Print every entry exactly once more, omitting each picture.
Data section below:
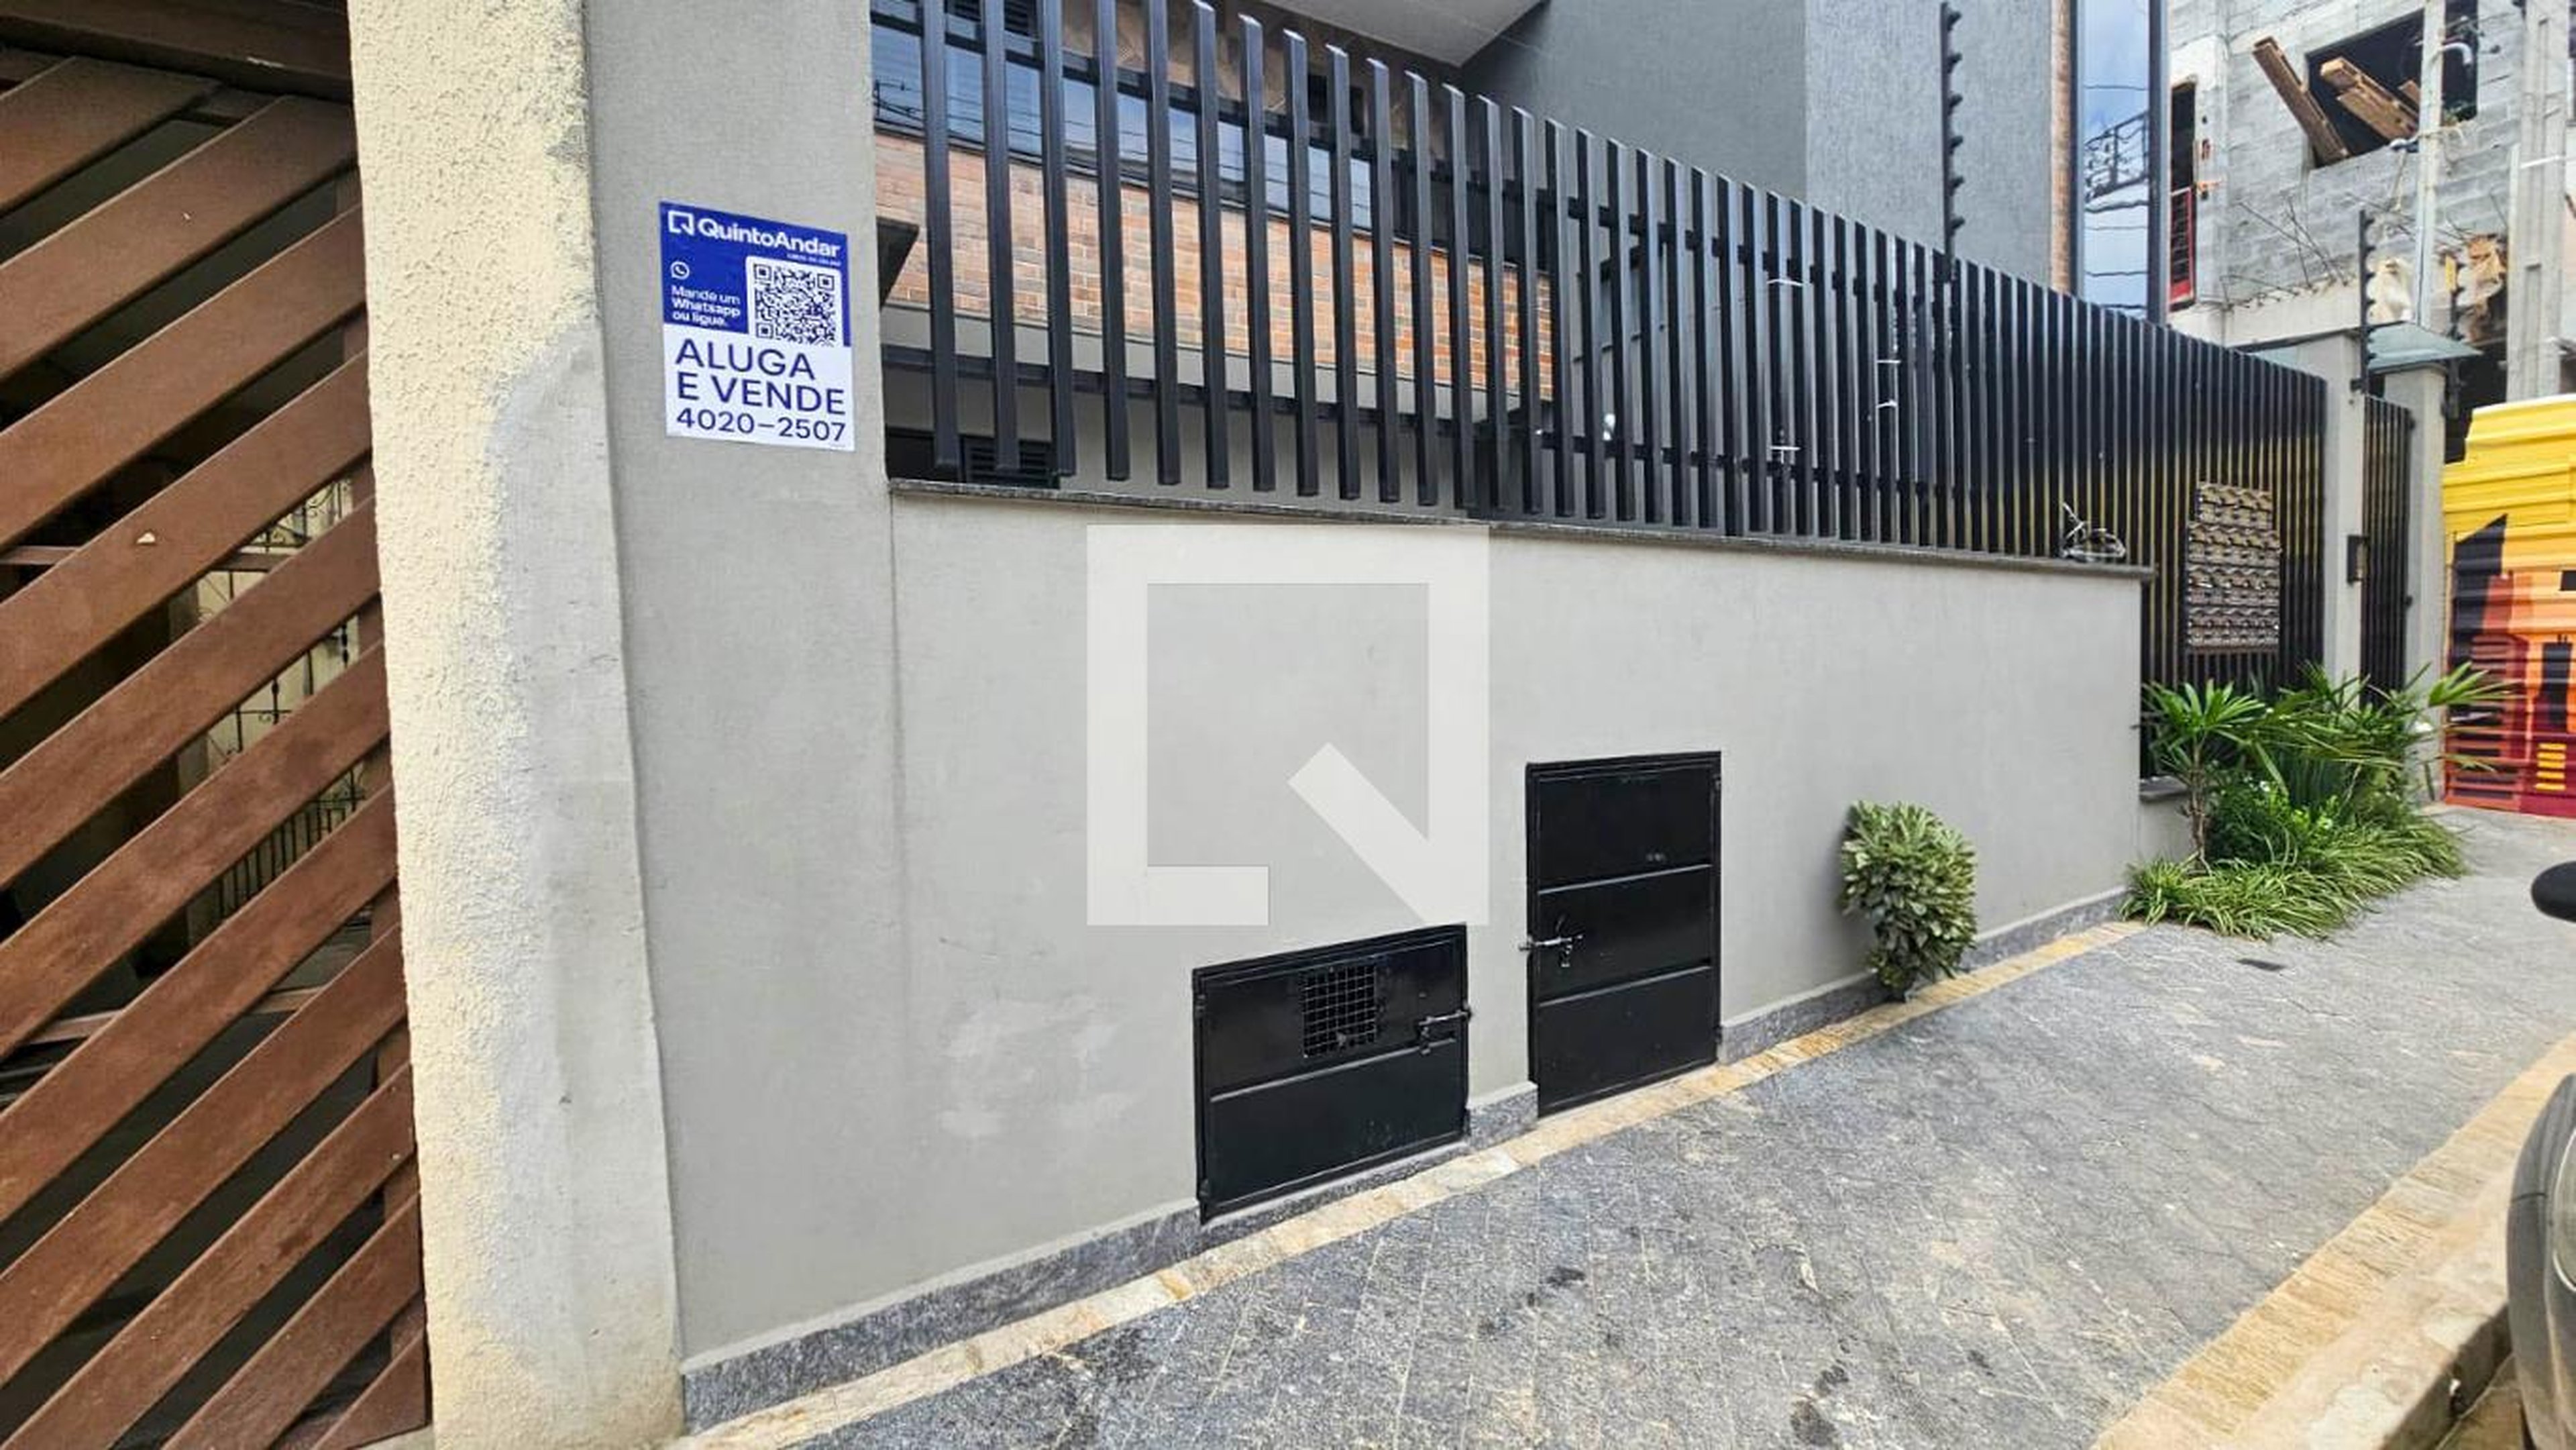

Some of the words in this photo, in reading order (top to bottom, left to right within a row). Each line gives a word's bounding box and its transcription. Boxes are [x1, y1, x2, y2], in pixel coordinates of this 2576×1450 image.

[698, 217, 841, 258] QuintoAndar
[672, 284, 717, 301] Mande
[719, 294, 740, 305] um
[672, 297, 741, 318] Whatsapp
[673, 311, 690, 321] ou
[675, 338, 816, 380] ALUGA
[678, 371, 699, 401] E
[711, 374, 846, 415] VENDE
[676, 407, 846, 442] 4020-2507
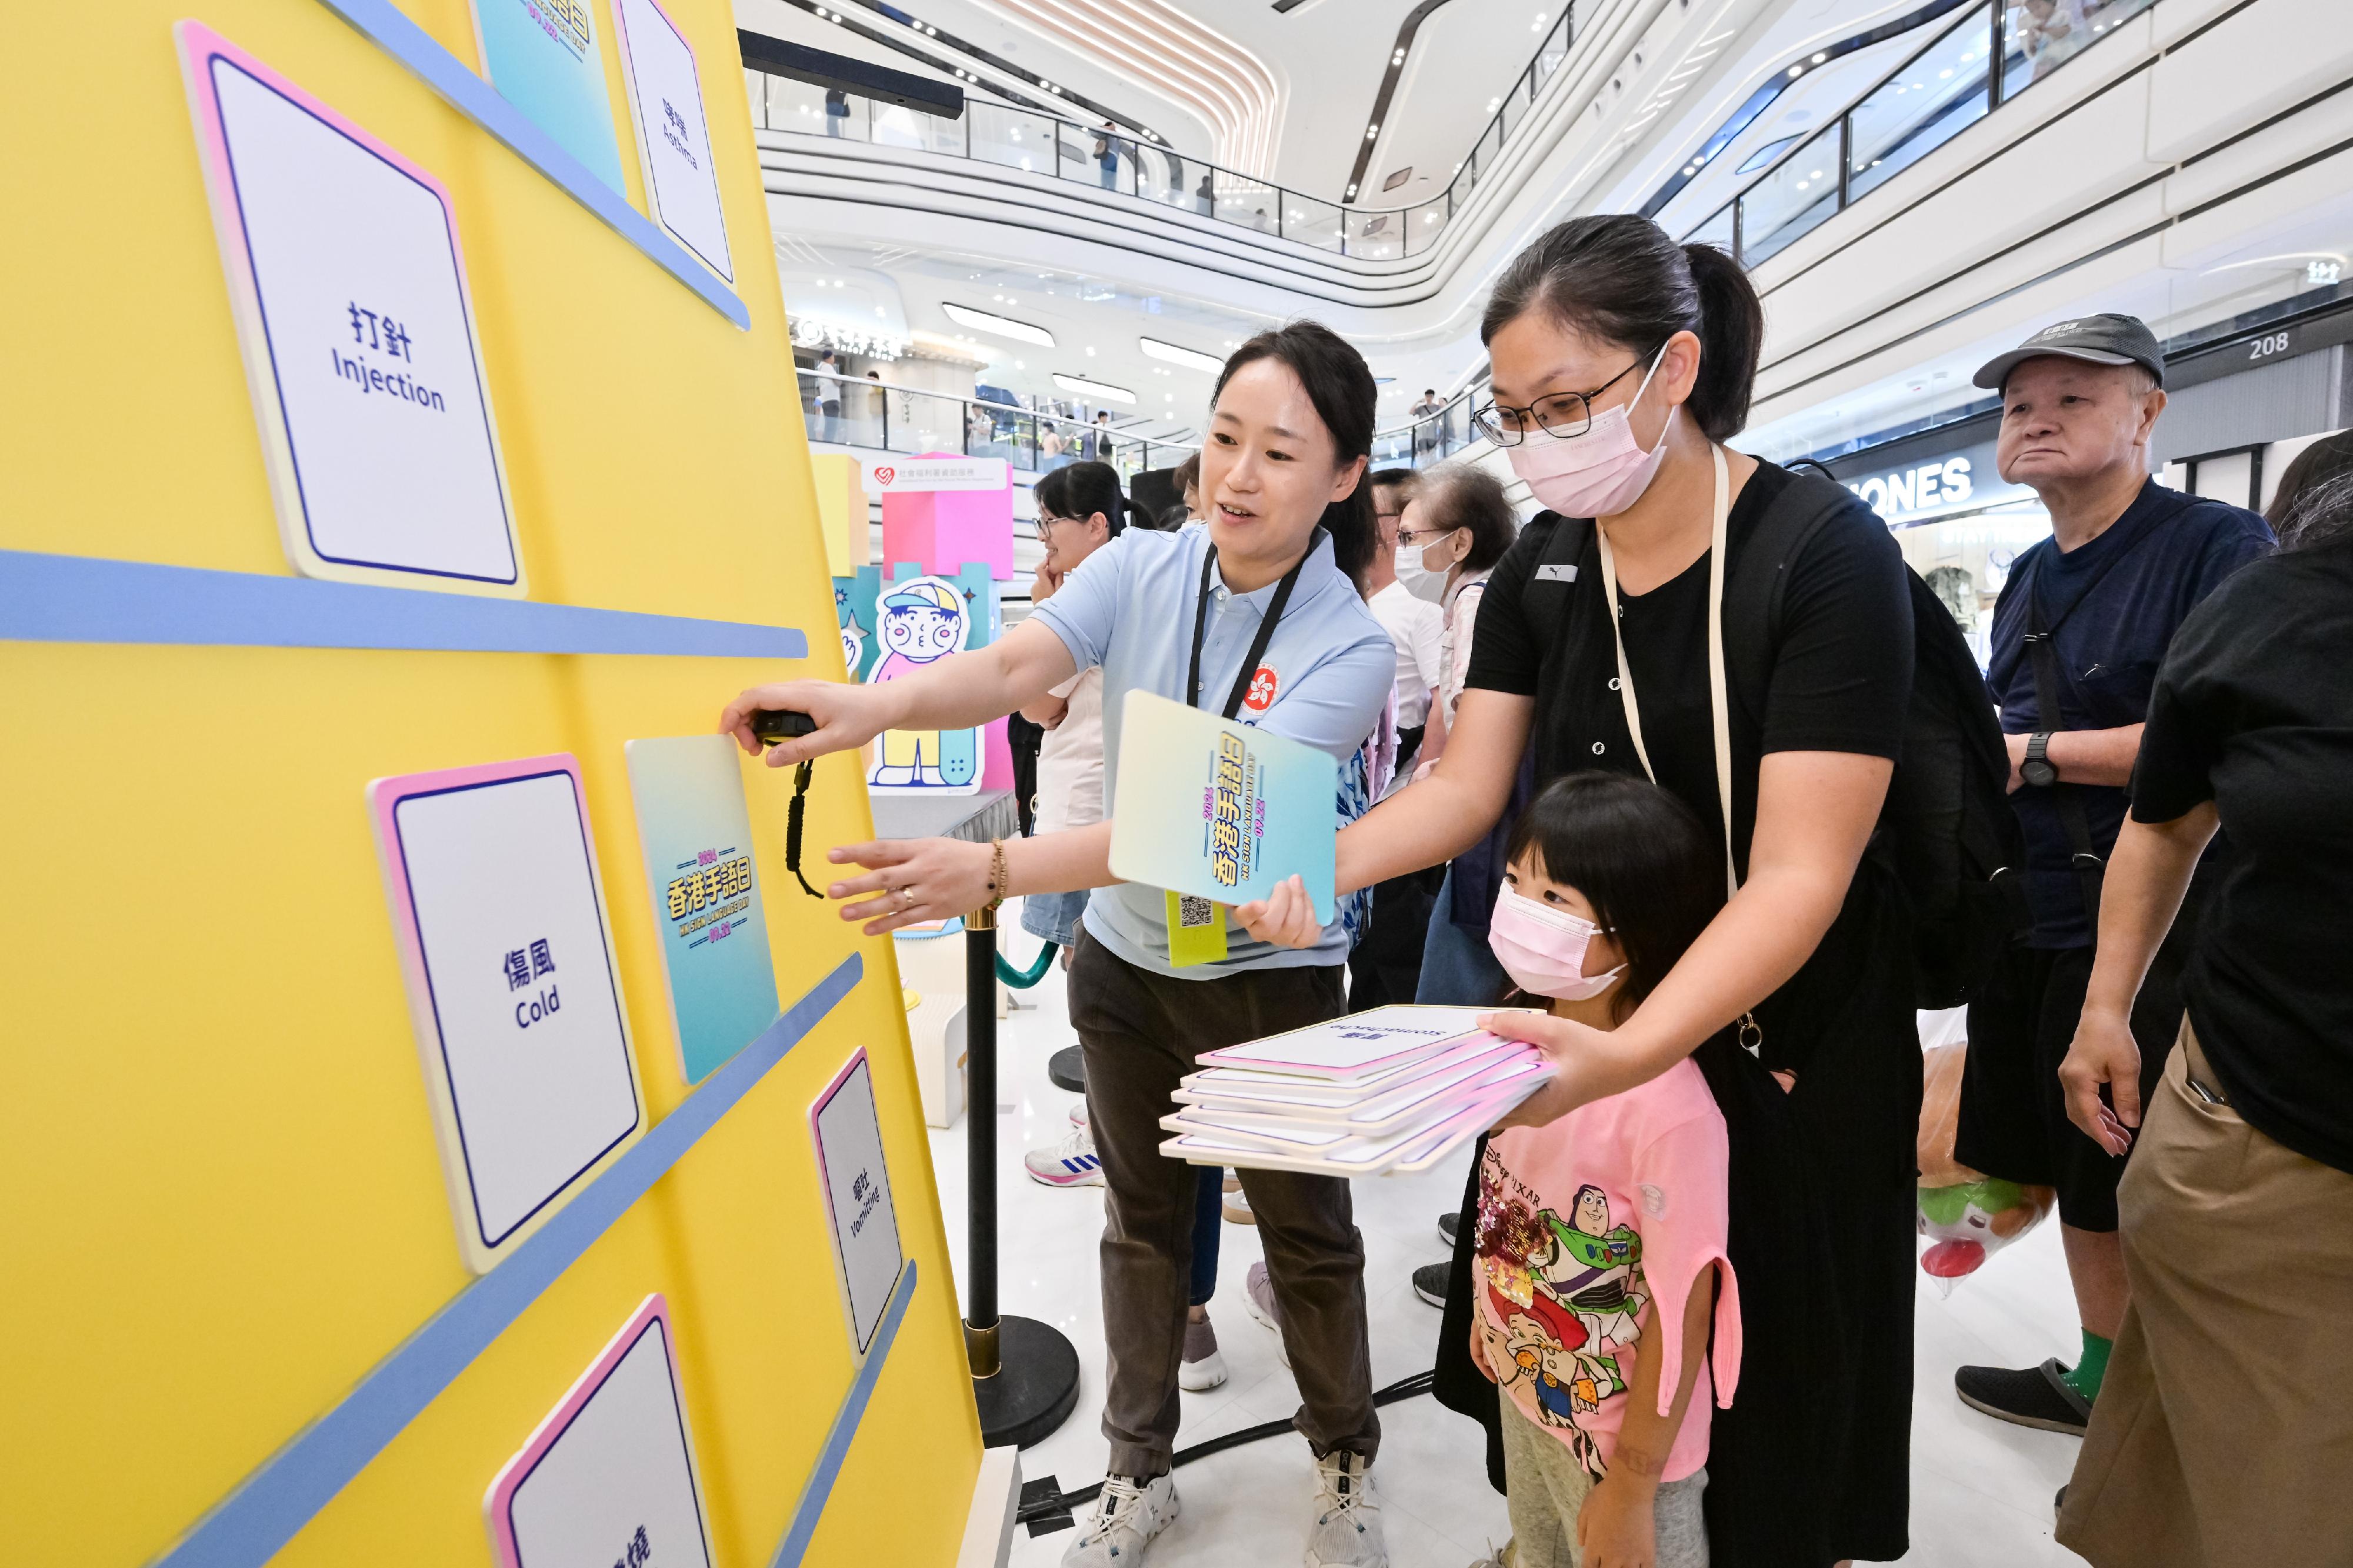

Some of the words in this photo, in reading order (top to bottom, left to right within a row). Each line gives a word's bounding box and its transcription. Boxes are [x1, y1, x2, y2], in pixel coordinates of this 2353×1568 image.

[664, 123, 698, 171] Asthma
[348, 301, 412, 363] 打針
[2249, 332, 2288, 359] 208
[332, 348, 445, 412] Injection
[1850, 457, 1973, 515] ONES
[1202, 787, 1214, 821] 2024
[1212, 730, 1245, 886] 香港手語日
[1244, 775, 1254, 834] LANGUAGE
[1254, 798, 1265, 837] 09.22
[697, 848, 718, 866] 2024
[1242, 834, 1251, 863] SIGN
[668, 856, 752, 921] 香港手語日
[1241, 863, 1249, 881] HK
[679, 922, 690, 937] HK
[689, 915, 706, 932] SIGN
[707, 901, 738, 925] LANGUAGE
[738, 896, 749, 910] DAY
[709, 921, 731, 943] 09.22
[504, 938, 555, 992] 傷風
[516, 984, 560, 1028] Cold
[1330, 1025, 1447, 1036] Stomachache
[853, 1167, 869, 1202] 嘔吐
[851, 1185, 880, 1239] Vomiting
End of Data section.
- _Response_
Some of the words in this photo, in reading order (top to bottom, left to right within a row). Each line gives a word's bounding box and its transcription. Boxes are [x1, y1, x2, y2], in pixel coordinates of this 2576×1450 image.

[698, 217, 841, 258] QuintoAndar
[672, 284, 717, 301] Mande
[719, 294, 740, 305] um
[672, 297, 741, 318] Whatsapp
[673, 311, 690, 321] ou
[675, 338, 816, 380] ALUGA
[678, 371, 699, 401] E
[711, 374, 846, 415] VENDE
[676, 407, 846, 442] 4020-2507

Some of the words in this photo, in reading order (top to bottom, left to right within a row). Each line gives a word's bounding box and its transcription. Boxes are [x1, y1, x2, y2], in pixel coordinates of this 2353×1568 image.

[664, 123, 698, 171] Asthma
[348, 301, 412, 363] 打針
[2249, 332, 2288, 359] 208
[332, 348, 445, 412] Injection
[1850, 457, 1973, 515] ONES
[1202, 787, 1214, 821] 2024
[1212, 730, 1245, 886] 香港手語日
[1244, 775, 1254, 834] LANGUAGE
[1254, 798, 1265, 837] 09.22
[697, 848, 718, 866] 2024
[1242, 834, 1251, 863] SIGN
[668, 856, 752, 921] 香港手語日
[1241, 863, 1249, 881] HK
[679, 922, 690, 937] HK
[689, 915, 706, 932] SIGN
[707, 901, 738, 925] LANGUAGE
[738, 896, 749, 910] DAY
[709, 921, 731, 943] 09.22
[504, 938, 555, 992] 傷風
[516, 984, 560, 1028] Cold
[1330, 1025, 1447, 1036] Stomachache
[853, 1167, 869, 1202] 嘔吐
[851, 1185, 880, 1239] Vomiting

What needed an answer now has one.